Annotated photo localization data

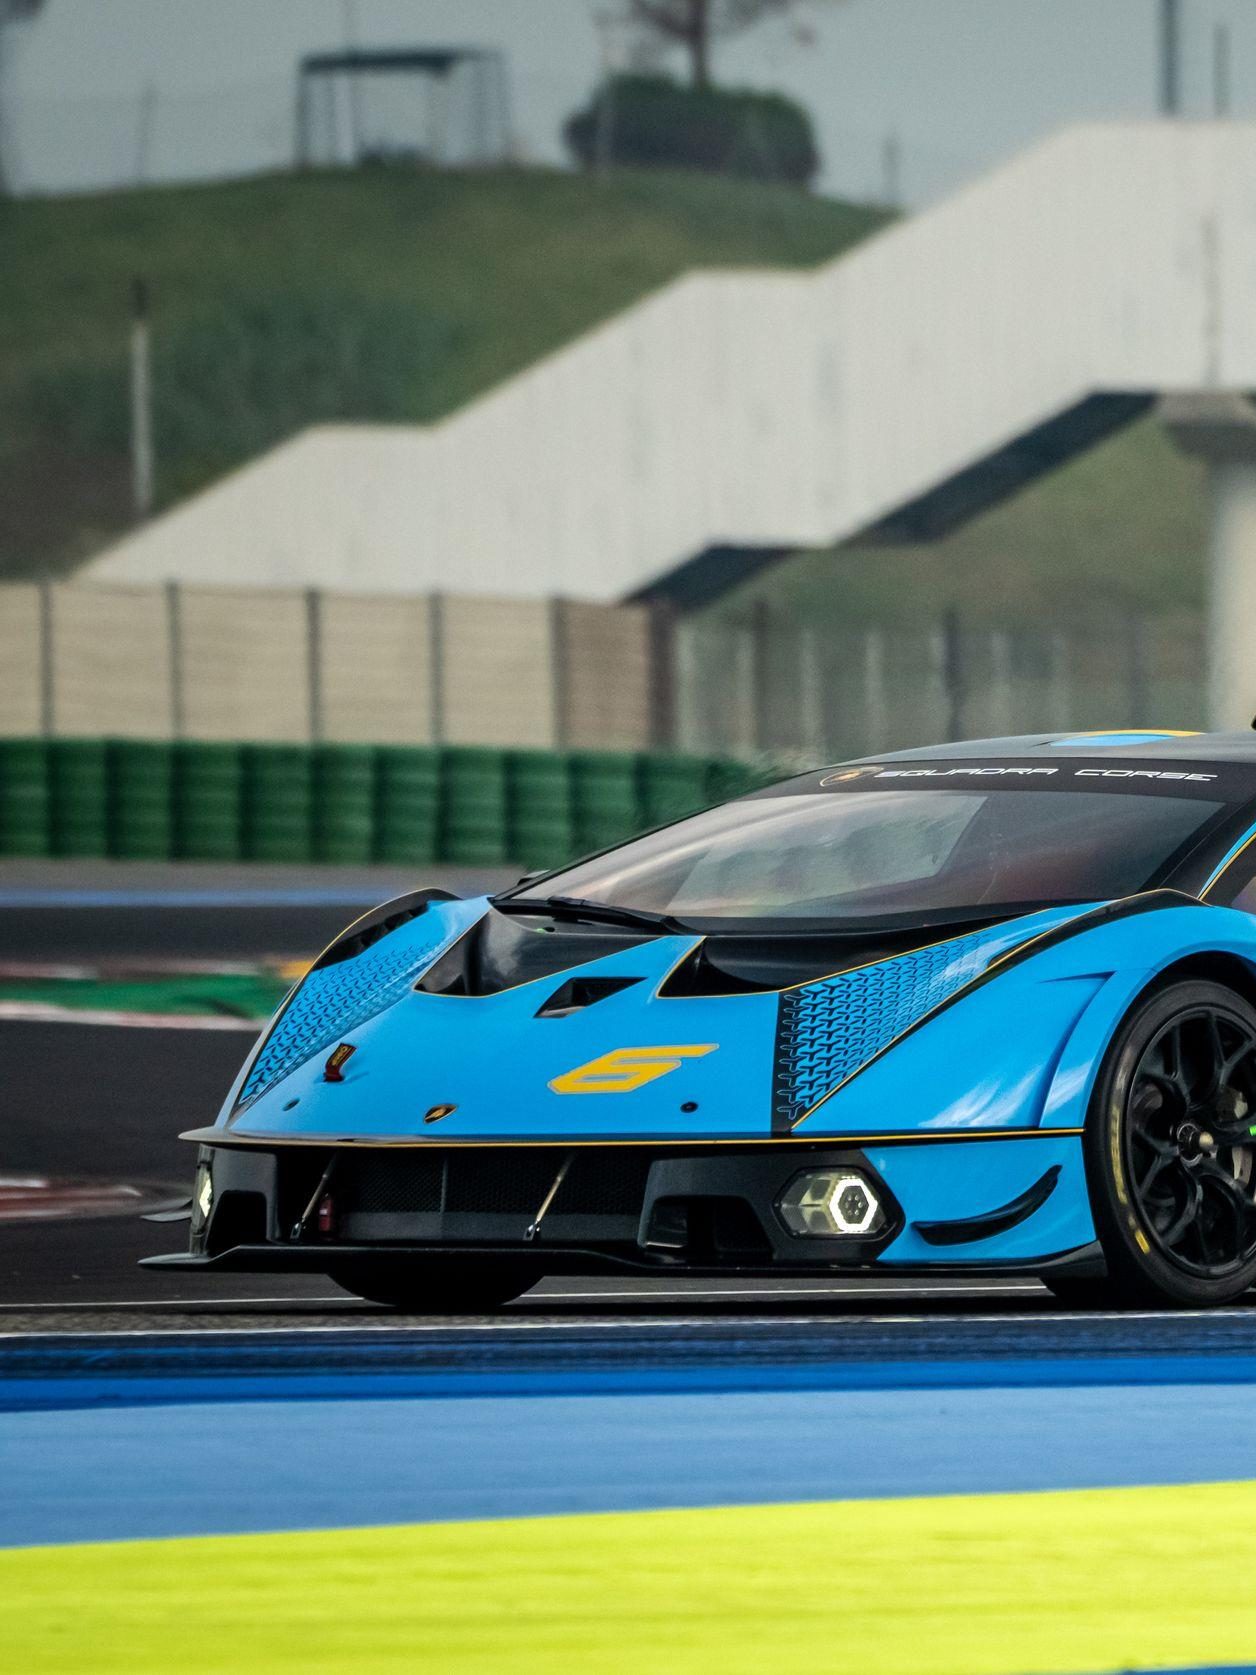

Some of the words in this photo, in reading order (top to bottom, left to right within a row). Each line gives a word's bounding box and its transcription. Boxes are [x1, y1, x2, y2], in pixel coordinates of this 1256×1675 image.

[874, 768, 1059, 778] SQUADRA
[1075, 769, 1218, 781] CORSE
[547, 1043, 720, 1095] 6
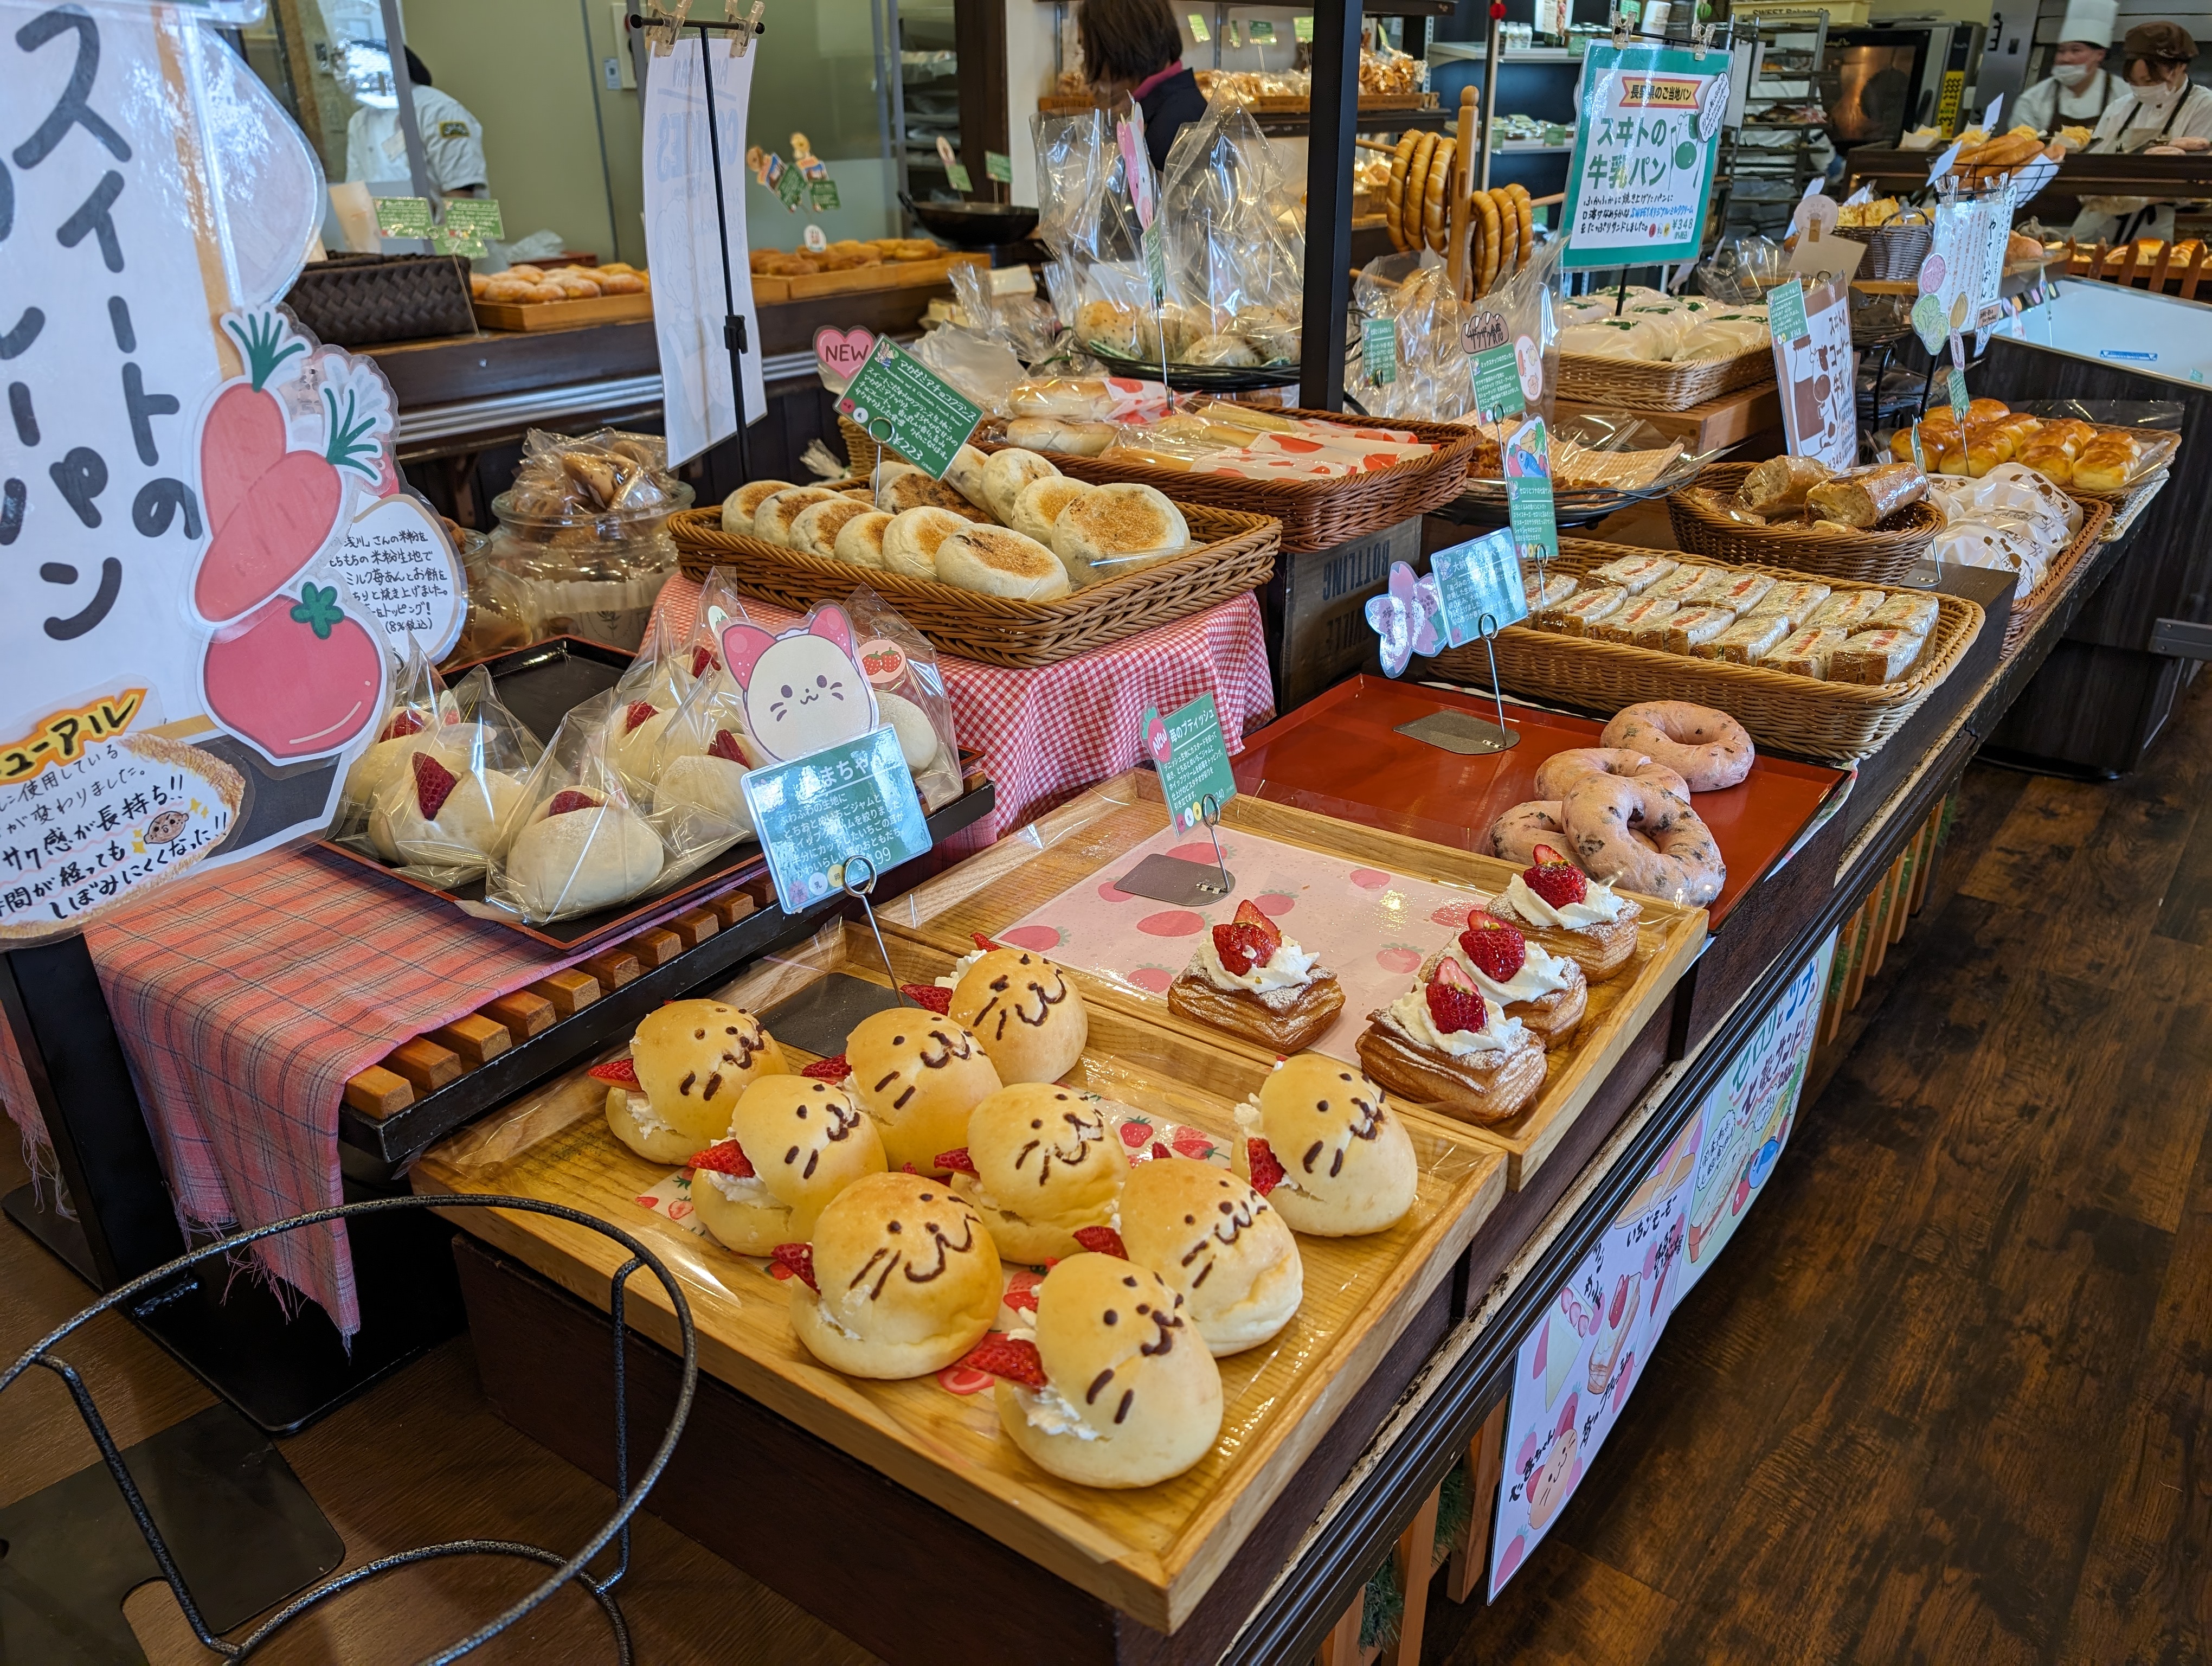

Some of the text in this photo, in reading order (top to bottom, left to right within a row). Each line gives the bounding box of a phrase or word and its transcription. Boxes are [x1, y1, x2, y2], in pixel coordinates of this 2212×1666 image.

[1630, 84, 1692, 101] 長野県のご当地パン
[1587, 154, 1666, 190] 牛乳パン
[1672, 218, 1693, 230] ¥348
[12, 4, 202, 540] スイートの
[825, 344, 869, 362] NEW
[1830, 337, 1849, 367] コーヒー
[898, 357, 978, 422] マカダミアチョコフランス
[891, 432, 924, 463] ¥223
[330, 548, 433, 567] もちもちの米粉生地で
[1322, 540, 1391, 601] BOTTLING
[1497, 612, 1511, 624] 226
[1169, 709, 1214, 743] 苺のプティッシュ
[780, 793, 848, 826] ふわふわの生地に
[1214, 789, 1225, 803] 240
[814, 881, 822, 889] 乳
[1741, 1018, 1805, 1116] 七穀サンド

Task objective
Repeat every line above exactly, minus the pictures.

Answer to this task
Some of the words in this photo, in reading order (top to bottom, left to right within a row). Each line gives a word's bounding box and its transcription. Boxes are [x1, y1, x2, y2], in pixel coordinates of this 1256×1675 image.

[874, 768, 1059, 778] SQUADRA
[1075, 769, 1218, 781] CORSE
[547, 1043, 720, 1095] 6

Some of the text in this photo, in reading order (top to bottom, left to right within a row). Each line gives the bounding box of a phrase or word and its transcription. Boxes are [x1, y1, x2, y2], in pixel coordinates of this 2212×1666 image.

[1630, 84, 1692, 101] 長野県のご当地パン
[1587, 154, 1666, 190] 牛乳パン
[1672, 218, 1693, 230] ¥348
[12, 4, 202, 540] スイートの
[825, 344, 869, 362] NEW
[1830, 337, 1849, 367] コーヒー
[898, 357, 978, 422] マカダミアチョコフランス
[891, 432, 924, 463] ¥223
[330, 548, 433, 567] もちもちの米粉生地で
[1322, 540, 1391, 601] BOTTLING
[1497, 612, 1511, 624] 226
[1169, 709, 1214, 743] 苺のプティッシュ
[780, 793, 848, 826] ふわふわの生地に
[1214, 789, 1225, 803] 240
[814, 881, 822, 889] 乳
[1741, 1018, 1805, 1116] 七穀サンド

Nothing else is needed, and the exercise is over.